*** Data to process Section Begins ***

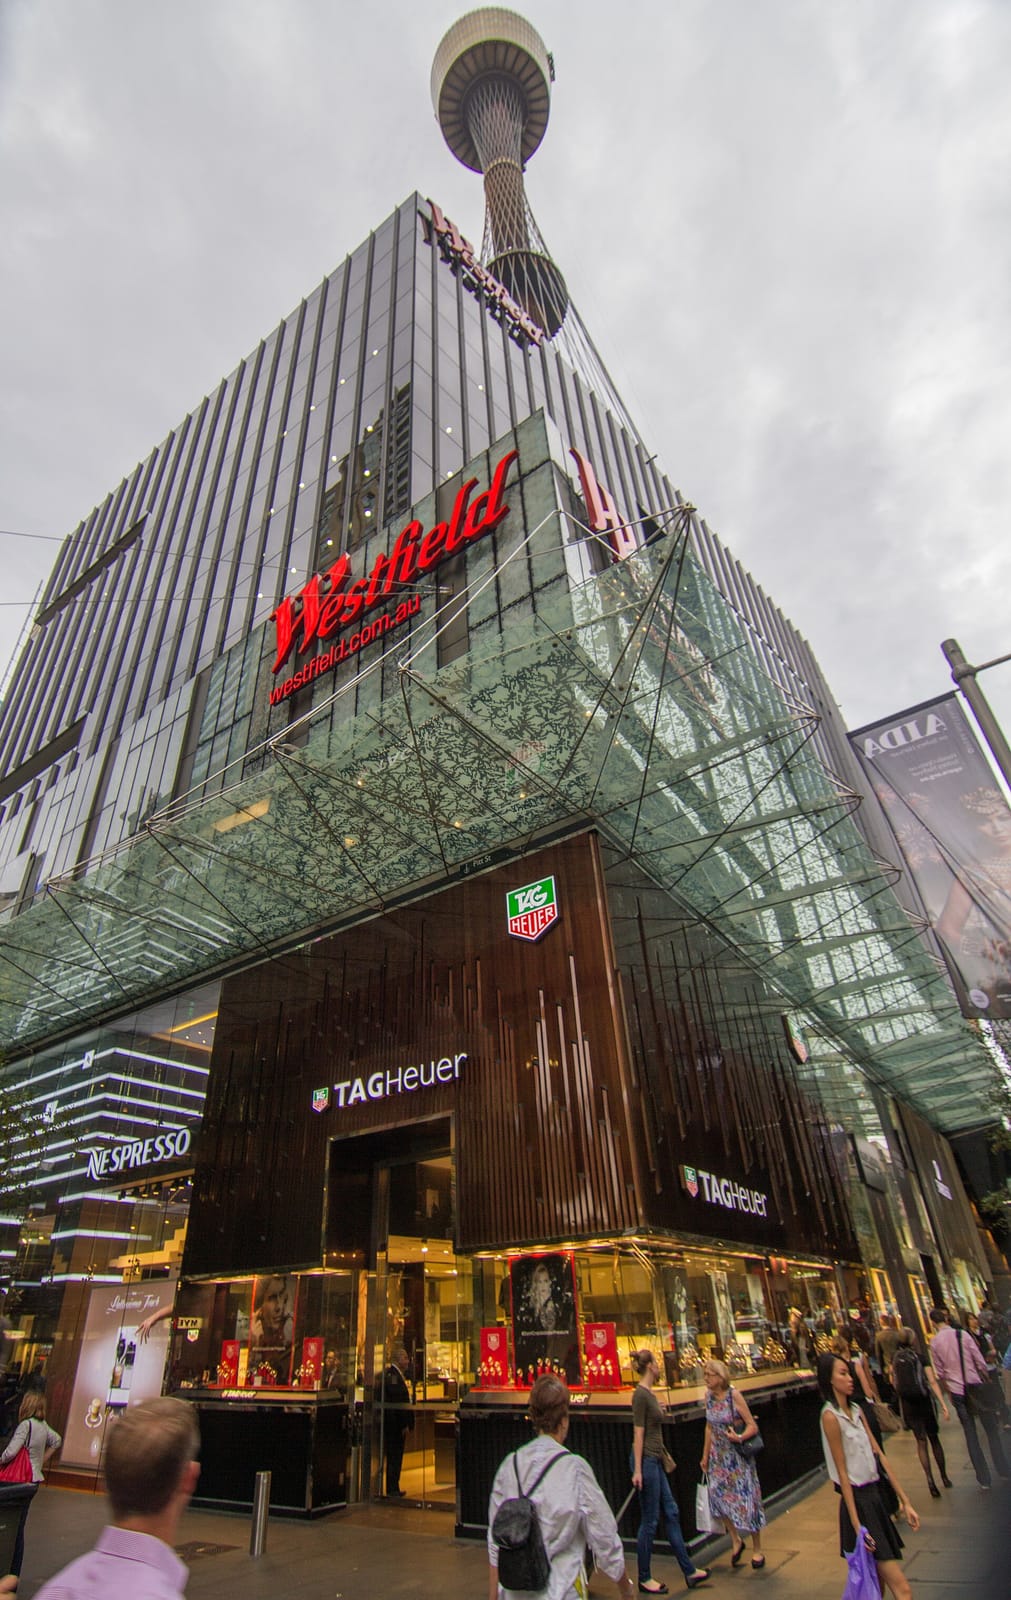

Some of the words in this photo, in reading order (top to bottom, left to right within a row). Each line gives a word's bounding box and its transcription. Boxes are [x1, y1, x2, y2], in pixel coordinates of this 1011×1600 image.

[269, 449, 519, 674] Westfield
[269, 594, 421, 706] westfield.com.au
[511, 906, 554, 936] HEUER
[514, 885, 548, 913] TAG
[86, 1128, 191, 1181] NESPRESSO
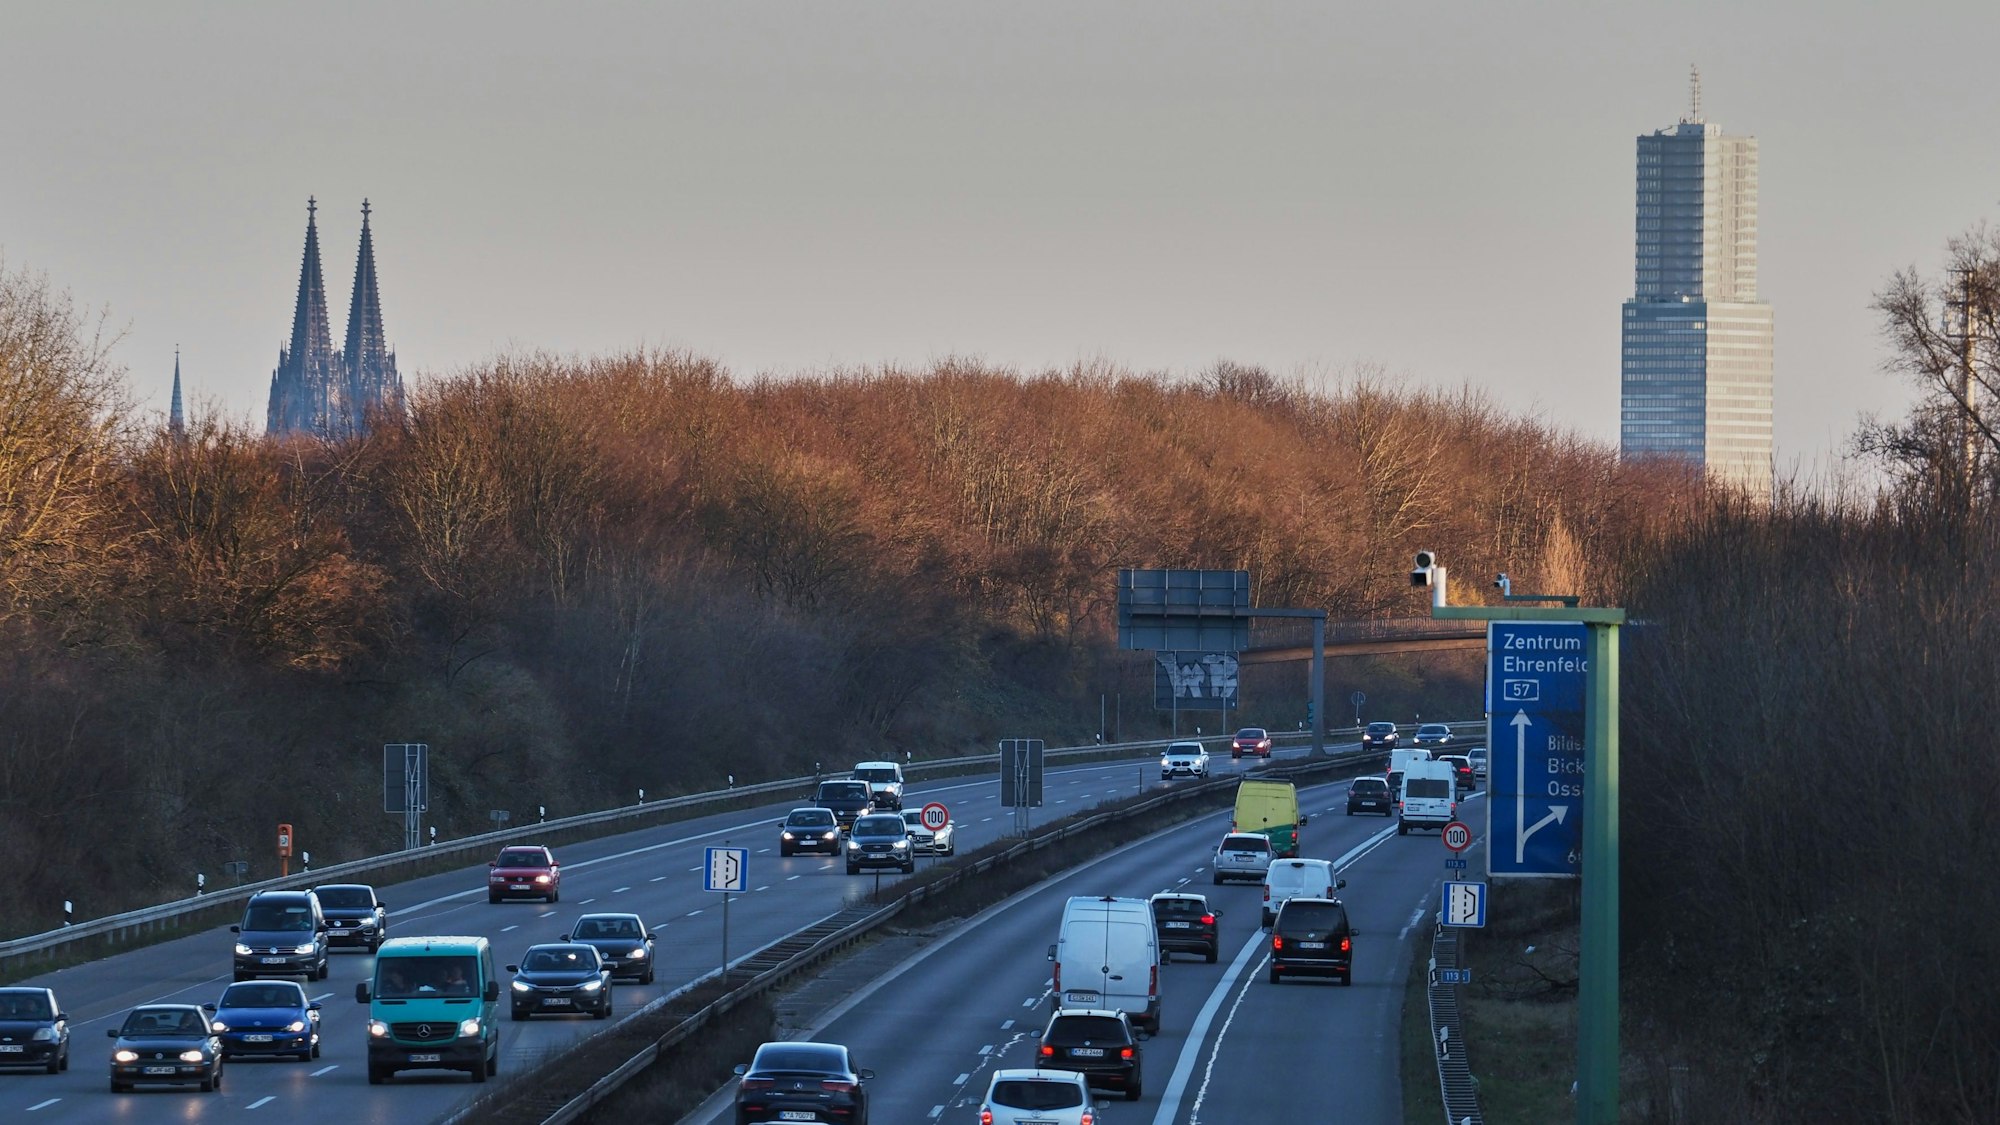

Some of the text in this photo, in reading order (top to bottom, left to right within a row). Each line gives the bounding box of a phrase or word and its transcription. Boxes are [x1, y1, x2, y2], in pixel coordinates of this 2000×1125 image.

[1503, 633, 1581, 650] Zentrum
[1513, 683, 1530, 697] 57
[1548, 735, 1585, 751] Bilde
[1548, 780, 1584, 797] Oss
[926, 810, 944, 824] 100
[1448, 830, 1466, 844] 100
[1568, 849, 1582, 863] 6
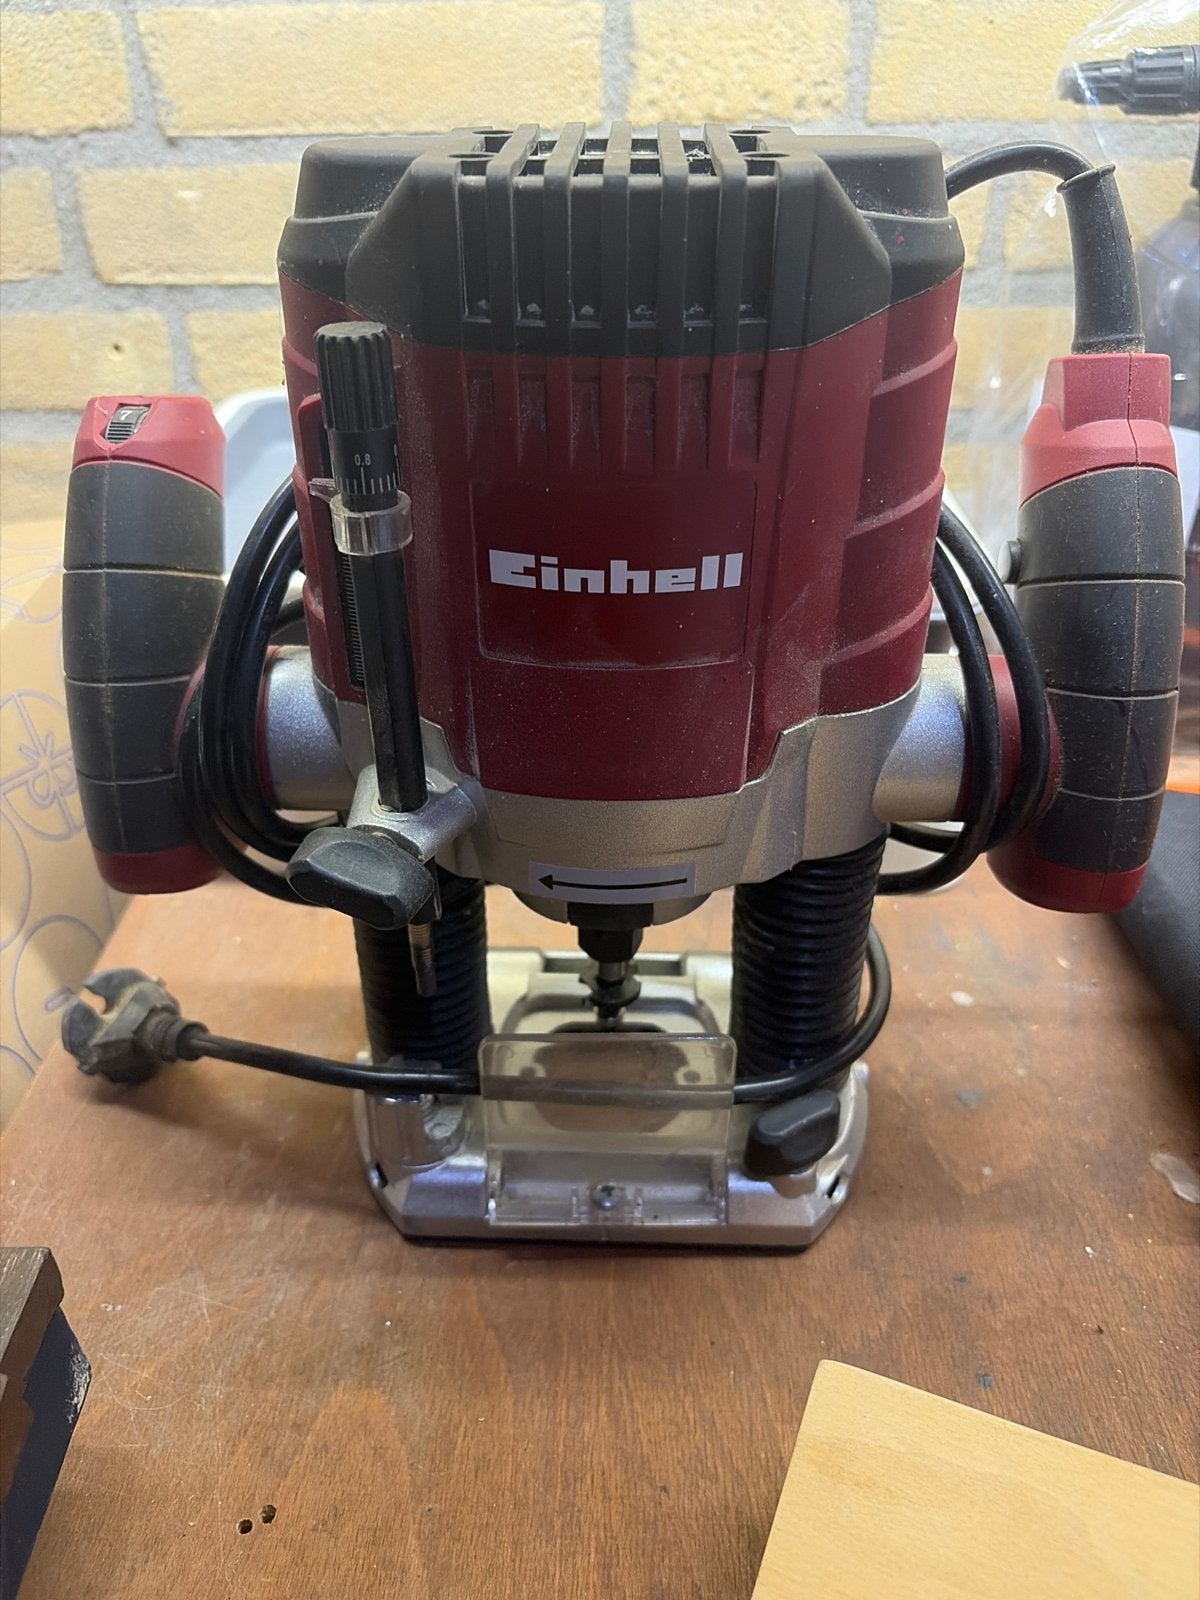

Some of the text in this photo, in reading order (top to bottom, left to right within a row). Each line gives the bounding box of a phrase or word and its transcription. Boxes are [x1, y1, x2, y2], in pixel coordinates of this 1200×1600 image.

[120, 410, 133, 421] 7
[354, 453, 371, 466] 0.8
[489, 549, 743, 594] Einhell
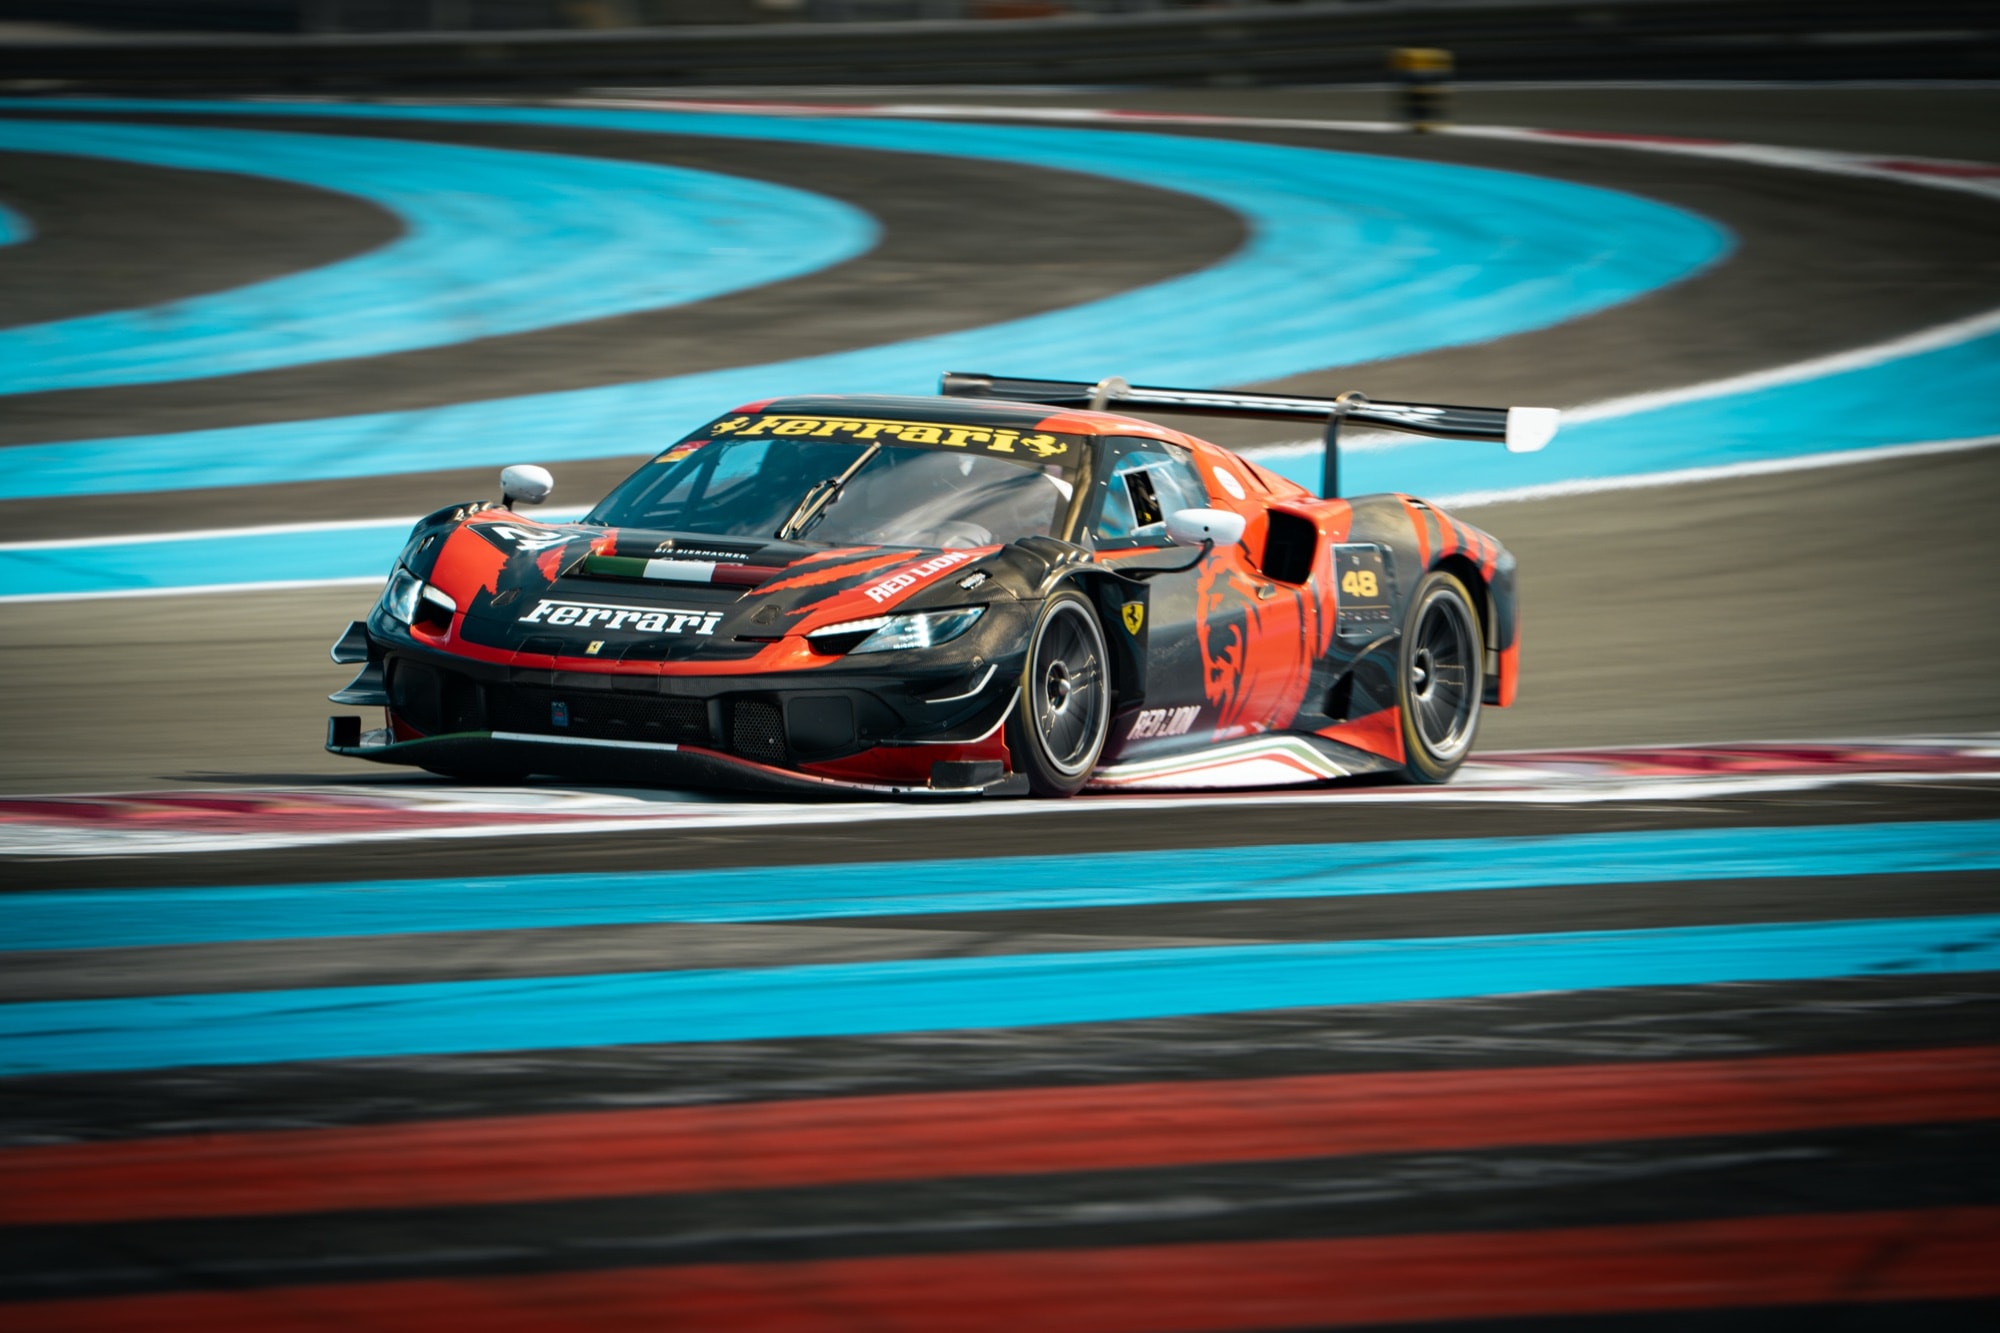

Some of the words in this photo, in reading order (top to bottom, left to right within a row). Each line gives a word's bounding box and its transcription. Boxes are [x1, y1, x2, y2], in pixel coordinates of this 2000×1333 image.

*** Data to process Section Ends ***

→ **Directions for this task**
Pictures should be left out when the records above are restated exactly.

→ **Output of the exercise**
Some of the words in this photo, in reading order (top to bottom, left to right within a row). Each line gives a word's bounding box and its transcription. Boxes are [x1, y1, x2, y2], in pixel coordinates of this 1011×1600 image.

[269, 449, 519, 674] Westfield
[269, 594, 421, 706] westfield.com.au
[511, 906, 554, 936] HEUER
[514, 885, 548, 913] TAG
[86, 1128, 191, 1181] NESPRESSO

Some of the text in this photo, in reading order (top to bottom, left to right within a row). Each line gives the bounding box of a phrase or word and its transcription. Boxes are [x1, y1, x2, y2], in pixel coordinates of this 2000×1125 image.

[1503, 633, 1581, 650] Zentrum
[1513, 683, 1530, 697] 57
[1548, 735, 1585, 751] Bilde
[1548, 780, 1584, 797] Oss
[926, 810, 944, 824] 100
[1448, 830, 1466, 844] 100
[1568, 849, 1582, 863] 6

Some of the text in this photo, in reading order (top to bottom, left to right within a row). Each line gives the bounding box of a phrase or word and its transcription. Boxes are [x1, y1, x2, y2], in pixel coordinates of this 1200×1600 image.

[120, 410, 133, 421] 7
[354, 453, 371, 466] 0.8
[489, 549, 743, 594] Einhell

Some of the words in this photo, in reading order (top to bottom, left to right within a row). Each line gives a word's bounding box and its transcription. Boxes are [x1, y1, x2, y2], in pixel coordinates of this 2000×1333 image.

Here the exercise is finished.